_Work order_
The line that contains "this 1800×1200 image." marks the start. Please set it down, with every later line of the data, exactly and without pictures.

%%

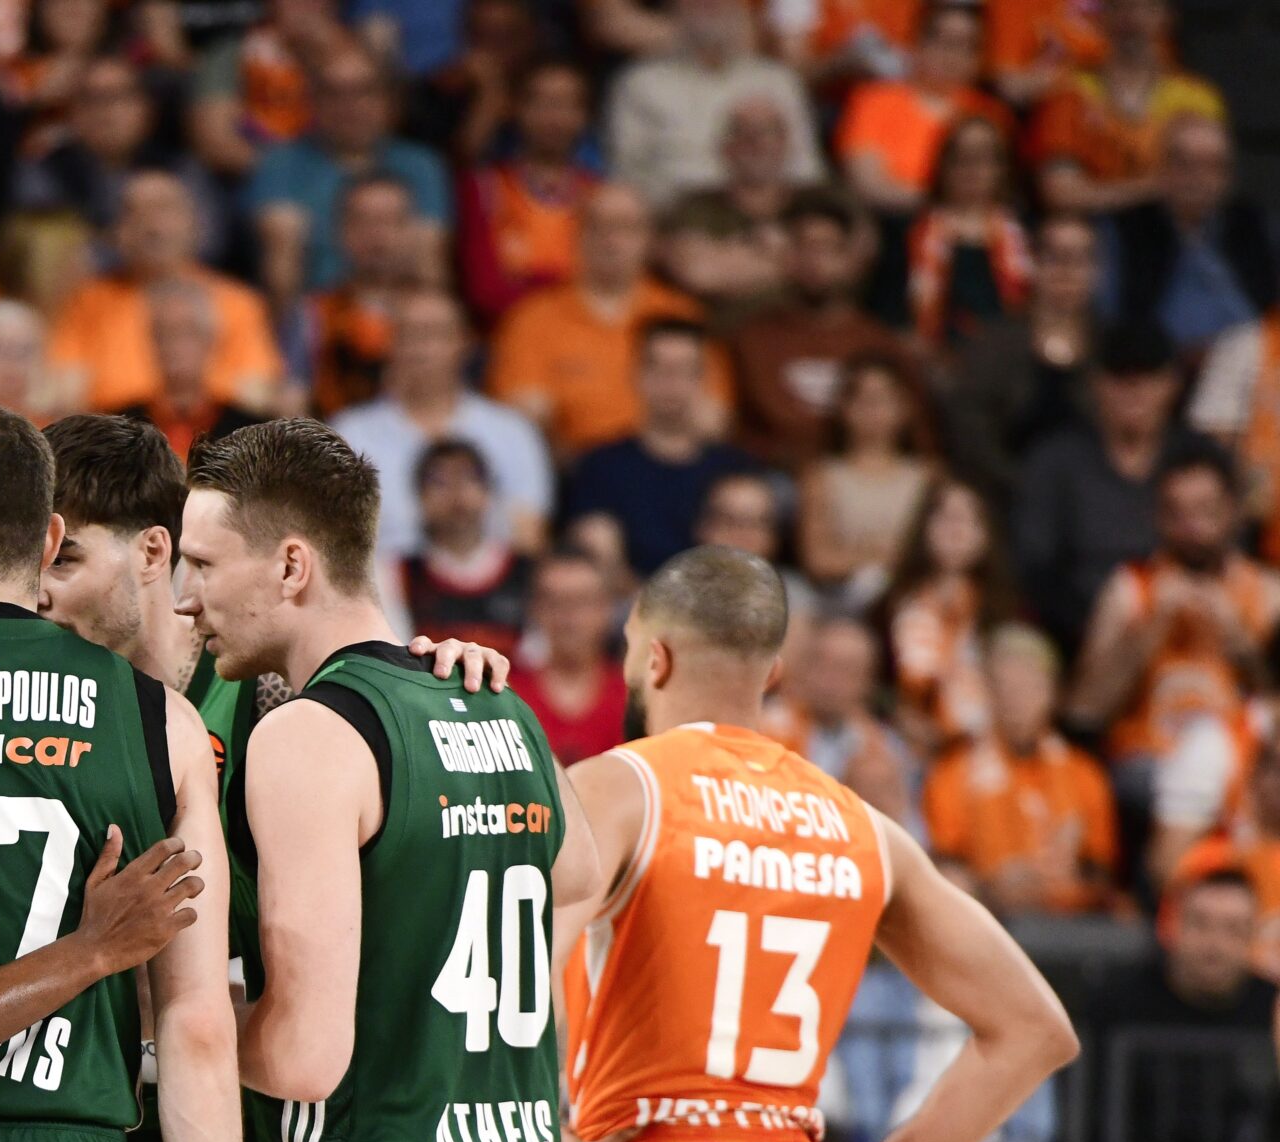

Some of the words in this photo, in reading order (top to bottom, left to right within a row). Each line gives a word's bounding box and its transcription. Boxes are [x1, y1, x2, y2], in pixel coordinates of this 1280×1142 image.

[428, 718, 534, 774] GRIGONIS
[438, 794, 551, 839] instacar
[691, 773, 851, 843] THOMPSON
[693, 835, 863, 901] PAMESA
[430, 864, 551, 1053] 40
[705, 909, 832, 1087] 13
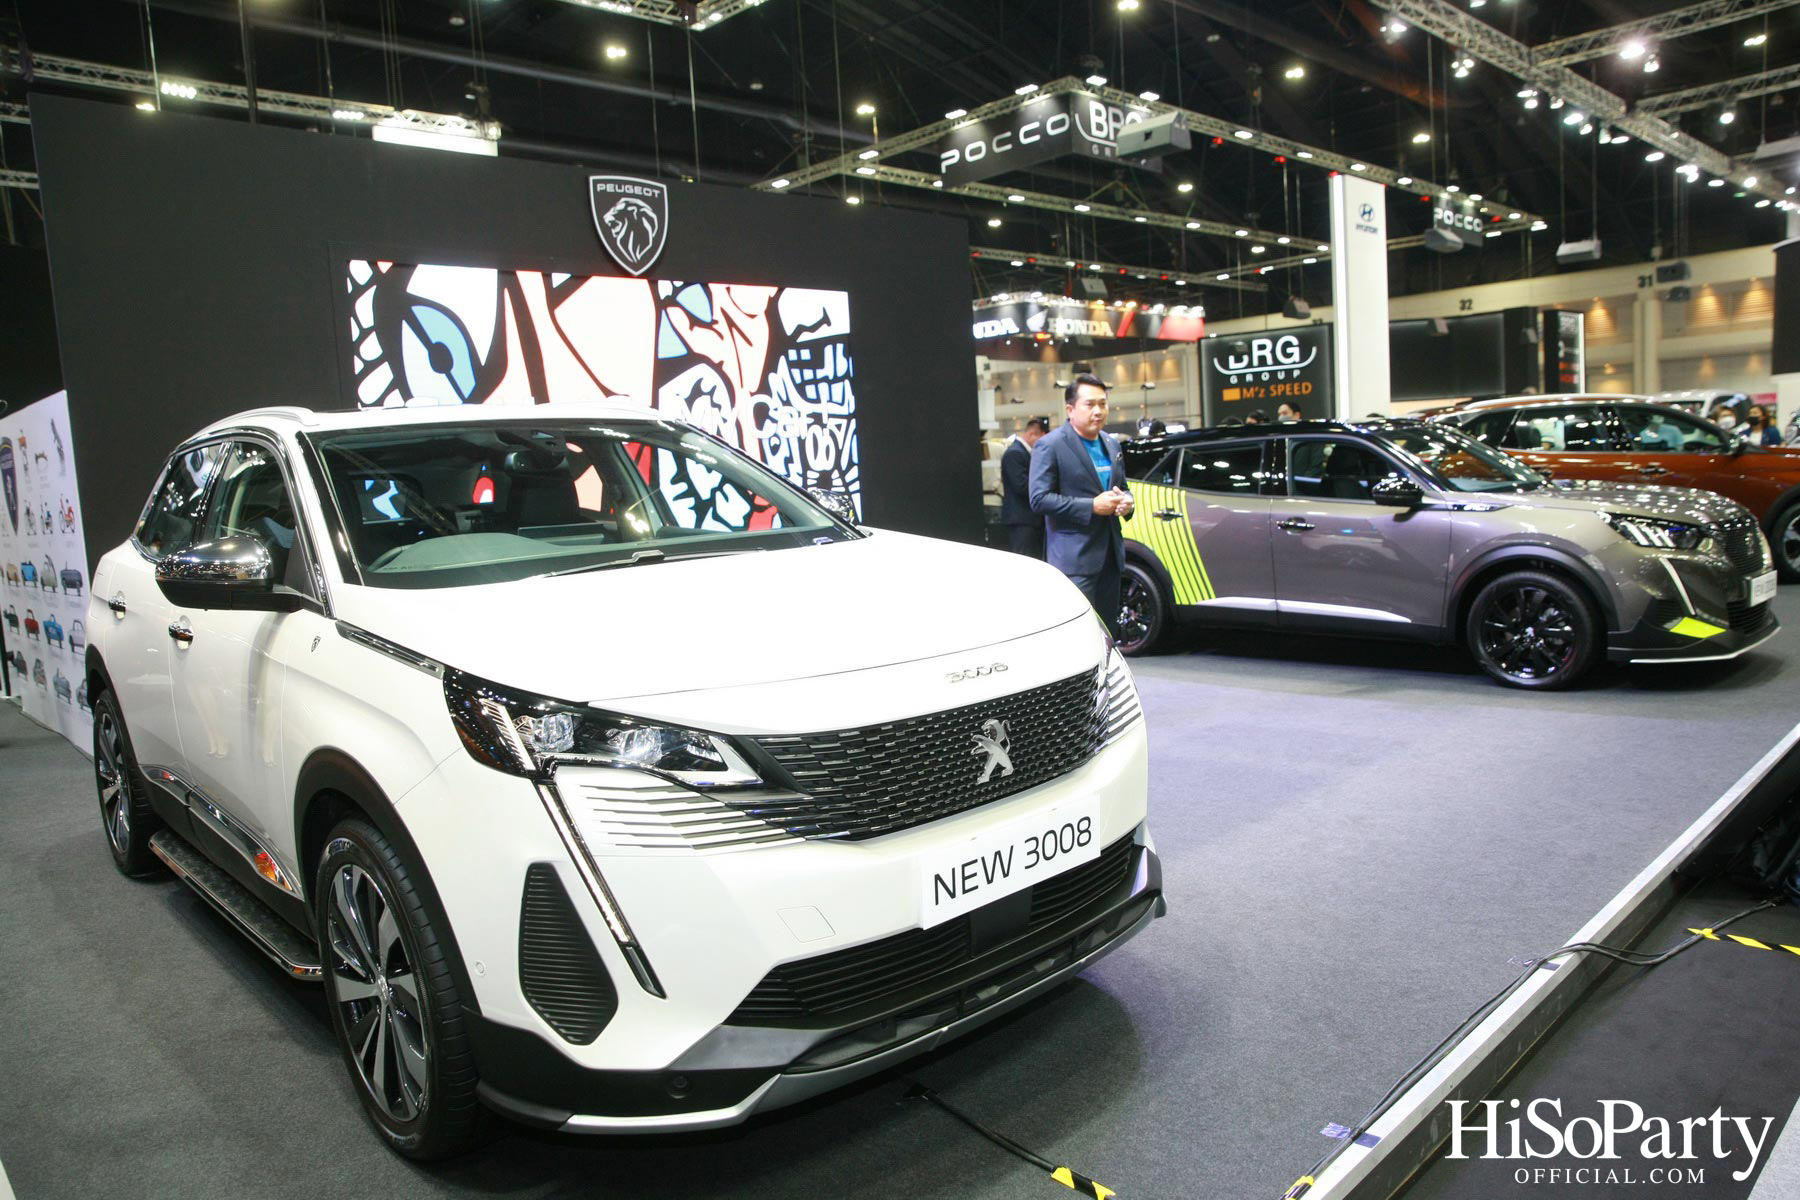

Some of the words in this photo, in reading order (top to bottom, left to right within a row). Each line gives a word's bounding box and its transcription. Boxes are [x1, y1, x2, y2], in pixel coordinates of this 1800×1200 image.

[940, 112, 1070, 174] POCCO
[597, 183, 661, 198] PEUGEOT
[1433, 207, 1483, 233] POCCO
[1637, 274, 1653, 288] 31
[1047, 318, 1115, 337] HONDA
[1229, 369, 1301, 385] GROUP
[1269, 381, 1313, 397] SPEED
[933, 845, 1014, 906] NEW
[1024, 816, 1092, 870] 3008
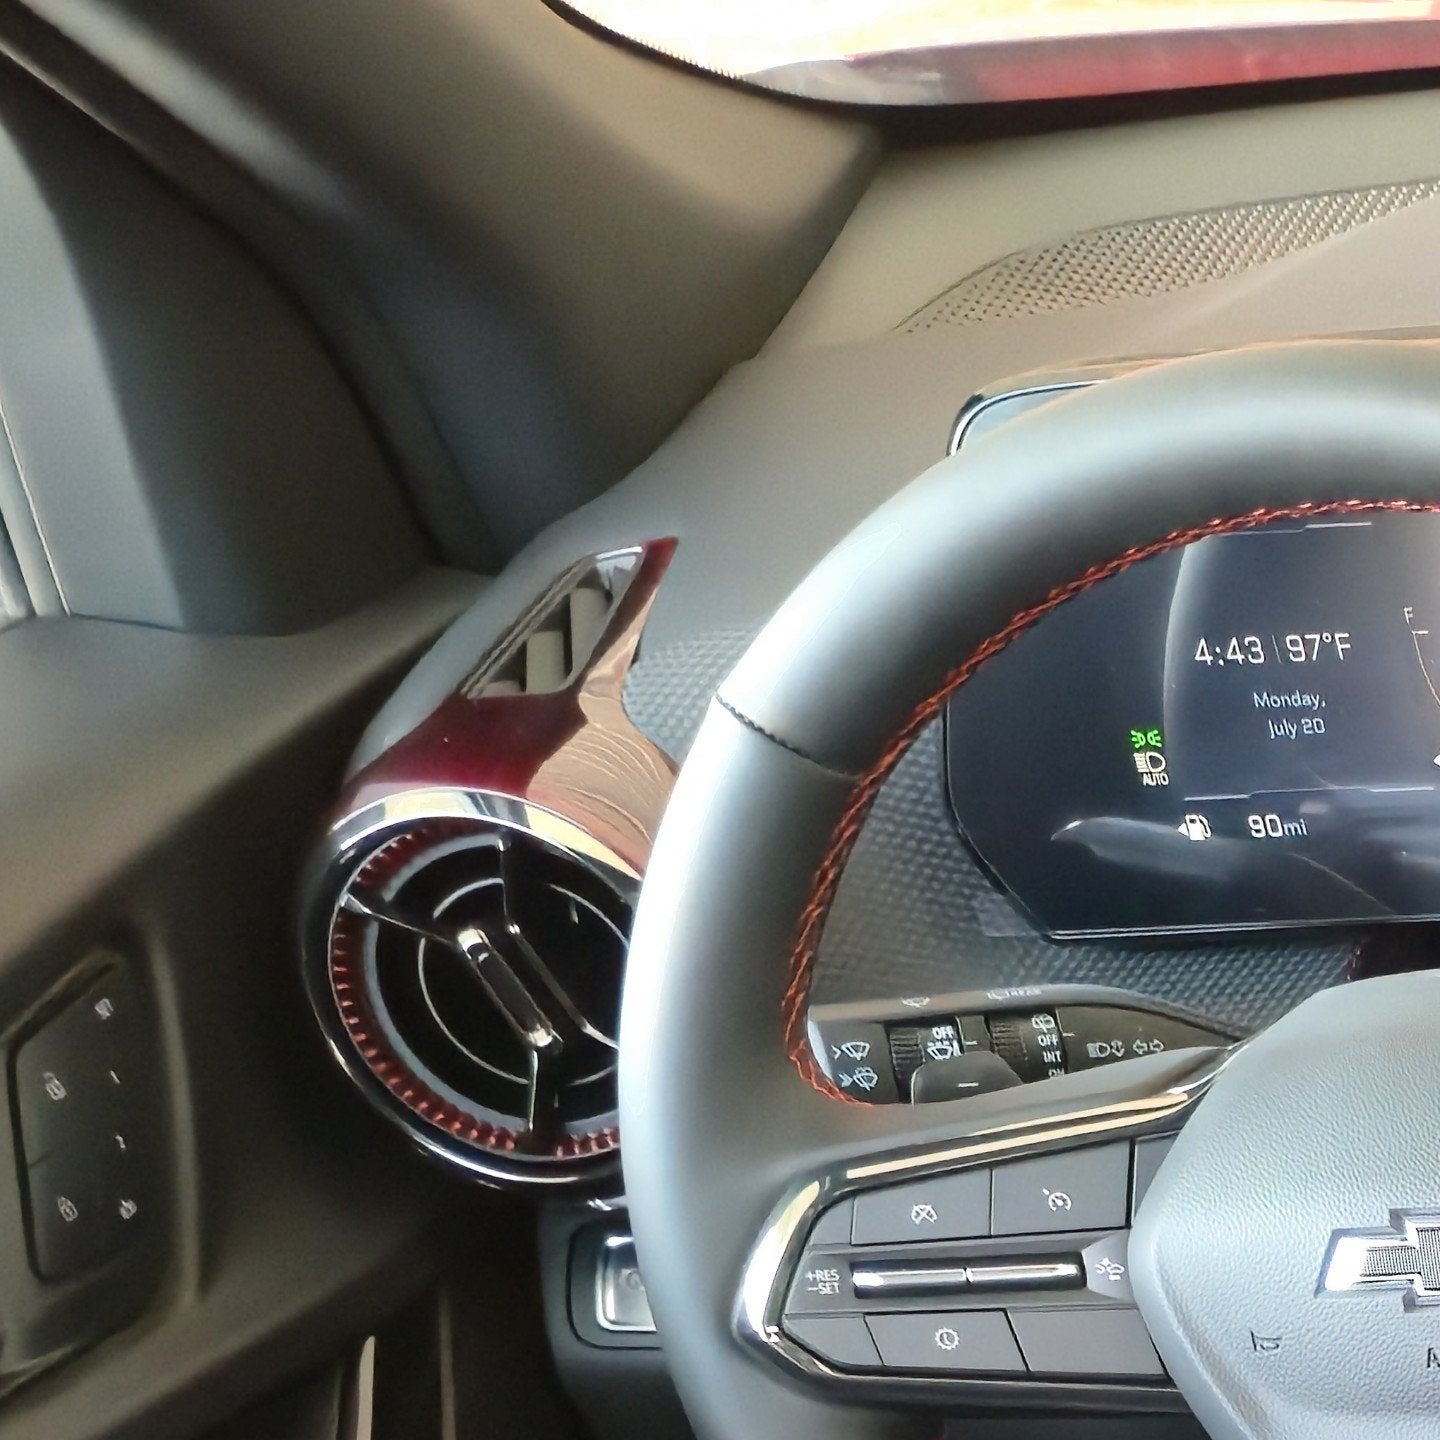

%%

_Exercise answer_
Some of the words in this photo, in reading order (top to bottom, left to right within a row). Each line gives a word's bounding box and its transcription. Boxes are [x1, y1, x2, y2], in pixel coordinates of this 1800×1200 image.

[940, 112, 1070, 174] POCCO
[597, 183, 661, 198] PEUGEOT
[1433, 207, 1483, 233] POCCO
[1637, 274, 1653, 288] 31
[1047, 318, 1115, 337] HONDA
[1229, 369, 1301, 385] GROUP
[1269, 381, 1313, 397] SPEED
[933, 845, 1014, 906] NEW
[1024, 816, 1092, 870] 3008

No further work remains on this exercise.